▶ **What is required**
The response is to be the full listing, set down exactly.

▶ **Records to use**
++++++++++

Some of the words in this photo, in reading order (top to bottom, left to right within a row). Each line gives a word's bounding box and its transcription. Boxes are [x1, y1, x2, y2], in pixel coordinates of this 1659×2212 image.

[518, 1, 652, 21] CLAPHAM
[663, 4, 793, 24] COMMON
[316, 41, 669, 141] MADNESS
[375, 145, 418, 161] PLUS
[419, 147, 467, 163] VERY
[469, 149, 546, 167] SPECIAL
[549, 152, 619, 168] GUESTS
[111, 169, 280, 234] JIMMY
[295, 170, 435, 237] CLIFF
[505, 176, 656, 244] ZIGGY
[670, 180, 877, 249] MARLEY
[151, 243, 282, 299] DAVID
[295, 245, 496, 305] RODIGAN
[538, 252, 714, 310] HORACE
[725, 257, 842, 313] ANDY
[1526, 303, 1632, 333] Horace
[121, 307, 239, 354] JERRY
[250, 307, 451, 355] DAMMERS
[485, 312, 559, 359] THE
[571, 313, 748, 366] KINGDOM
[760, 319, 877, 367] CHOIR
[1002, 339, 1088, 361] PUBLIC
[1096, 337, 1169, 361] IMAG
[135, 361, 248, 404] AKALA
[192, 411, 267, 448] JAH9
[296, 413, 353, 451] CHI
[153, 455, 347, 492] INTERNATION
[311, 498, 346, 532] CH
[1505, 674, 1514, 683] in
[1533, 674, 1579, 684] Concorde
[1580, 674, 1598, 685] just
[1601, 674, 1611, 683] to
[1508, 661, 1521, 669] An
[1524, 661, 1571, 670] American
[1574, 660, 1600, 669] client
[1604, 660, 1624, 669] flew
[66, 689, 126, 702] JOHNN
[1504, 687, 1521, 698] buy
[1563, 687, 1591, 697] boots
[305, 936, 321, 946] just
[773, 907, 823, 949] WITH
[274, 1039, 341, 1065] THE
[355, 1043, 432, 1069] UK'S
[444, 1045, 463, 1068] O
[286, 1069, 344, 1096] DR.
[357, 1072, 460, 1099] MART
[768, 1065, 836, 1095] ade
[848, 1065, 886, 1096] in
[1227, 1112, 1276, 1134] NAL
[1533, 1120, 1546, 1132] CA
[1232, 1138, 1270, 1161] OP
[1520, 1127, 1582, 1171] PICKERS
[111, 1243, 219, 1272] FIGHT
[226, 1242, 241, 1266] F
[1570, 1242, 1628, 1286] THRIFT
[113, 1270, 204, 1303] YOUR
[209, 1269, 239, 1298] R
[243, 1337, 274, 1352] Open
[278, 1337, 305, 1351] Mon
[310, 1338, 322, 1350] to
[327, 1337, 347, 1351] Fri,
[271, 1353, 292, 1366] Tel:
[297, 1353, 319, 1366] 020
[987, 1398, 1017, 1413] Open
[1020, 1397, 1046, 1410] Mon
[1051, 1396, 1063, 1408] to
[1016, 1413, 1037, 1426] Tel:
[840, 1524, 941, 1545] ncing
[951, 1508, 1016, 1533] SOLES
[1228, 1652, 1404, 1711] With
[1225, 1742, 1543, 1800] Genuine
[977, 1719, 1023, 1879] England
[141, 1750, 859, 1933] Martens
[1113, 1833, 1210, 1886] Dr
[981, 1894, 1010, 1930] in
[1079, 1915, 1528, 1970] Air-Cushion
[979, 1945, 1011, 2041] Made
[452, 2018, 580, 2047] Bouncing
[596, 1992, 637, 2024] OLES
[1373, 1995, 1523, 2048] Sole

++++++++++

▶ **Answer to the exercise**
Some of the words in this photo, in reading order (top to bottom, left to right within a row). Each line gives a word's bounding box and its transcription. Boxes are [x1, y1, x2, y2], in pixel coordinates of this 1659×2212 image.

[518, 1, 652, 21] CLAPHAM
[663, 4, 793, 24] COMMON
[316, 41, 669, 141] MADNESS
[375, 145, 418, 161] PLUS
[419, 147, 467, 163] VERY
[469, 149, 546, 167] SPECIAL
[549, 152, 619, 168] GUESTS
[111, 169, 280, 234] JIMMY
[295, 170, 435, 237] CLIFF
[505, 176, 656, 244] ZIGGY
[670, 180, 877, 249] MARLEY
[151, 243, 282, 299] DAVID
[295, 245, 496, 305] RODIGAN
[538, 252, 714, 310] HORACE
[725, 257, 842, 313] ANDY
[1526, 303, 1632, 333] Horace
[121, 307, 239, 354] JERRY
[250, 307, 451, 355] DAMMERS
[485, 312, 559, 359] THE
[571, 313, 748, 366] KINGDOM
[760, 319, 877, 367] CHOIR
[1002, 339, 1088, 361] PUBLIC
[1096, 337, 1169, 361] IMAG
[135, 361, 248, 404] AKALA
[192, 411, 267, 448] JAH9
[296, 413, 353, 451] CHI
[153, 455, 347, 492] INTERNATION
[311, 498, 346, 532] CH
[1505, 674, 1514, 683] in
[1533, 674, 1579, 684] Concorde
[1580, 674, 1598, 685] just
[1601, 674, 1611, 683] to
[1508, 661, 1521, 669] An
[1524, 661, 1571, 670] American
[1574, 660, 1600, 669] client
[1604, 660, 1624, 669] flew
[66, 689, 126, 702] JOHNN
[1504, 687, 1521, 698] buy
[1563, 687, 1591, 697] boots
[305, 936, 321, 946] just
[773, 907, 823, 949] WITH
[274, 1039, 341, 1065] THE
[355, 1043, 432, 1069] UK'S
[444, 1045, 463, 1068] O
[286, 1069, 344, 1096] DR.
[357, 1072, 460, 1099] MART
[768, 1065, 836, 1095] ade
[848, 1065, 886, 1096] in
[1227, 1112, 1276, 1134] NAL
[1533, 1120, 1546, 1132] CA
[1232, 1138, 1270, 1161] OP
[1520, 1127, 1582, 1171] PICKERS
[111, 1243, 219, 1272] FIGHT
[226, 1242, 241, 1266] F
[1570, 1242, 1628, 1286] THRIFT
[113, 1270, 204, 1303] YOUR
[209, 1269, 239, 1298] R
[243, 1337, 274, 1352] Open
[278, 1337, 305, 1351] Mon
[310, 1338, 322, 1350] to
[327, 1337, 347, 1351] Fri,
[271, 1353, 292, 1366] Tel:
[297, 1353, 319, 1366] 020
[987, 1398, 1017, 1413] Open
[1020, 1397, 1046, 1410] Mon
[1051, 1396, 1063, 1408] to
[1016, 1413, 1037, 1426] Tel:
[840, 1524, 941, 1545] ncing
[951, 1508, 1016, 1533] SOLES
[1228, 1652, 1404, 1711] With
[1225, 1742, 1543, 1800] Genuine
[977, 1719, 1023, 1879] England
[141, 1750, 859, 1933] Martens
[1113, 1833, 1210, 1886] Dr
[981, 1894, 1010, 1930] in
[1079, 1915, 1528, 1970] Air-Cushion
[979, 1945, 1011, 2041] Made
[452, 2018, 580, 2047] Bouncing
[596, 1992, 637, 2024] OLES
[1373, 1995, 1523, 2048] Sole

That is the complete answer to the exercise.